:: SUPPLIED INFORMATION ::
——————————

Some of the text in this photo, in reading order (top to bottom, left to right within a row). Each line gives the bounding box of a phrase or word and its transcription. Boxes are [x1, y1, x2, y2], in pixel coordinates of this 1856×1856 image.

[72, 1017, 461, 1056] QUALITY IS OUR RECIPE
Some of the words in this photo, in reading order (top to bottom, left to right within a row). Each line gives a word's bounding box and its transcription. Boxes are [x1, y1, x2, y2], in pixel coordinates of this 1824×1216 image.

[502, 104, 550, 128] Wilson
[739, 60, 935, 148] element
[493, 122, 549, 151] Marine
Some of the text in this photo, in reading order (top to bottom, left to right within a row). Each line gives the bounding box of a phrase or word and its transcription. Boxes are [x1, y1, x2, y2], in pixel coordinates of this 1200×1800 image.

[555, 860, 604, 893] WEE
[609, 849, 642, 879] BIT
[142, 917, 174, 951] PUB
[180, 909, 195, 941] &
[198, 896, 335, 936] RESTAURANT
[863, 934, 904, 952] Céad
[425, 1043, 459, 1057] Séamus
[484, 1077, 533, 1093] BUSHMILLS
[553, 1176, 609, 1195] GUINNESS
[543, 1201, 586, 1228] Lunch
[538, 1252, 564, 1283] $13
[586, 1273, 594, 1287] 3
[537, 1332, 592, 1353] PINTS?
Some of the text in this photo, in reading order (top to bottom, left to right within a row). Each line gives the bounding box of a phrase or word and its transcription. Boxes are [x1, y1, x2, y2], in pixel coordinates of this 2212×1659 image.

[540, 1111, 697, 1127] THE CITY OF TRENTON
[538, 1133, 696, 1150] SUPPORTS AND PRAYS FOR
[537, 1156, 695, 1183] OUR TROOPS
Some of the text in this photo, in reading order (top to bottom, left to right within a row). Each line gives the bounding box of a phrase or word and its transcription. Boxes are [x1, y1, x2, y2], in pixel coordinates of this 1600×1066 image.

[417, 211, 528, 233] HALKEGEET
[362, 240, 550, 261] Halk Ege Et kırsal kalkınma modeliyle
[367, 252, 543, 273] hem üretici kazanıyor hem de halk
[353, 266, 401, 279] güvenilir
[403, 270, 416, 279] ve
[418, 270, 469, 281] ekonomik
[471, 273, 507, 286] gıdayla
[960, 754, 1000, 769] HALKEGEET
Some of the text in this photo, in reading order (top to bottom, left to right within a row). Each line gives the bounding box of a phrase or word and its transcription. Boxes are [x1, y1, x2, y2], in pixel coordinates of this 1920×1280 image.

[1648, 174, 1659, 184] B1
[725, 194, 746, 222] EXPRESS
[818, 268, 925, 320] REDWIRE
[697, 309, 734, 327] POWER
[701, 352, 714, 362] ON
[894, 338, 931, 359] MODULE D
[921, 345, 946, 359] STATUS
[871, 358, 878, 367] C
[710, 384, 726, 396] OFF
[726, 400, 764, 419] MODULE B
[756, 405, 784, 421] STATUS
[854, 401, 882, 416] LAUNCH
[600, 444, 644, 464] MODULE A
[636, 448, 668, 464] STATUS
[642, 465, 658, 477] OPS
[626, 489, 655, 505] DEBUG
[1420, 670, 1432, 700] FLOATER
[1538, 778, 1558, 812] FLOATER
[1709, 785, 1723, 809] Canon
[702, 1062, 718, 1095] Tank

——————————

:: TASK STATEMENT ::
Repeat all the lines above verbatim.

:: RESPONSE TO THIS TASK ::
Some of the text in this photo, in reading order (top to bottom, left to right within a row). Each line gives the bounding box of a phrase or word and its transcription. Boxes are [x1, y1, x2, y2], in pixel coordinates of this 1856×1856 image.

[72, 1017, 461, 1056] QUALITY IS OUR RECIPE
Some of the words in this photo, in reading order (top to bottom, left to right within a row). Each line gives a word's bounding box and its transcription. Boxes are [x1, y1, x2, y2], in pixel coordinates of this 1824×1216 image.

[502, 104, 550, 128] Wilson
[739, 60, 935, 148] element
[493, 122, 549, 151] Marine
Some of the text in this photo, in reading order (top to bottom, left to right within a row). Each line gives the bounding box of a phrase or word and its transcription. Boxes are [x1, y1, x2, y2], in pixel coordinates of this 1200×1800 image.

[555, 860, 604, 893] WEE
[609, 849, 642, 879] BIT
[142, 917, 174, 951] PUB
[180, 909, 195, 941] &
[198, 896, 335, 936] RESTAURANT
[863, 934, 904, 952] Céad
[425, 1043, 459, 1057] Séamus
[484, 1077, 533, 1093] BUSHMILLS
[553, 1176, 609, 1195] GUINNESS
[543, 1201, 586, 1228] Lunch
[538, 1252, 564, 1283] $13
[586, 1273, 594, 1287] 3
[537, 1332, 592, 1353] PINTS?
Some of the text in this photo, in reading order (top to bottom, left to right within a row). Each line gives the bounding box of a phrase or word and its transcription. Boxes are [x1, y1, x2, y2], in pixel coordinates of this 2212×1659 image.

[540, 1111, 697, 1127] THE CITY OF TRENTON
[538, 1133, 696, 1150] SUPPORTS AND PRAYS FOR
[537, 1156, 695, 1183] OUR TROOPS
Some of the text in this photo, in reading order (top to bottom, left to right within a row). Each line gives the bounding box of a phrase or word and its transcription. Boxes are [x1, y1, x2, y2], in pixel coordinates of this 1600×1066 image.

[417, 211, 528, 233] HALKEGEET
[362, 240, 550, 261] Halk Ege Et kırsal kalkınma modeliyle
[367, 252, 543, 273] hem üretici kazanıyor hem de halk
[353, 266, 401, 279] güvenilir
[403, 270, 416, 279] ve
[418, 270, 469, 281] ekonomik
[471, 273, 507, 286] gıdayla
[960, 754, 1000, 769] HALKEGEET
Some of the text in this photo, in reading order (top to bottom, left to right within a row). Each line gives the bounding box of a phrase or word and its transcription. Boxes are [x1, y1, x2, y2], in pixel coordinates of this 1920×1280 image.

[1648, 174, 1659, 184] B1
[725, 194, 746, 222] EXPRESS
[818, 268, 925, 320] REDWIRE
[697, 309, 734, 327] POWER
[701, 352, 714, 362] ON
[894, 338, 931, 359] MODULE D
[921, 345, 946, 359] STATUS
[871, 358, 878, 367] C
[710, 384, 726, 396] OFF
[726, 400, 764, 419] MODULE B
[756, 405, 784, 421] STATUS
[854, 401, 882, 416] LAUNCH
[600, 444, 644, 464] MODULE A
[636, 448, 668, 464] STATUS
[642, 465, 658, 477] OPS
[626, 489, 655, 505] DEBUG
[1420, 670, 1432, 700] FLOATER
[1538, 778, 1558, 812] FLOATER
[1709, 785, 1723, 809] Canon
[702, 1062, 718, 1095] Tank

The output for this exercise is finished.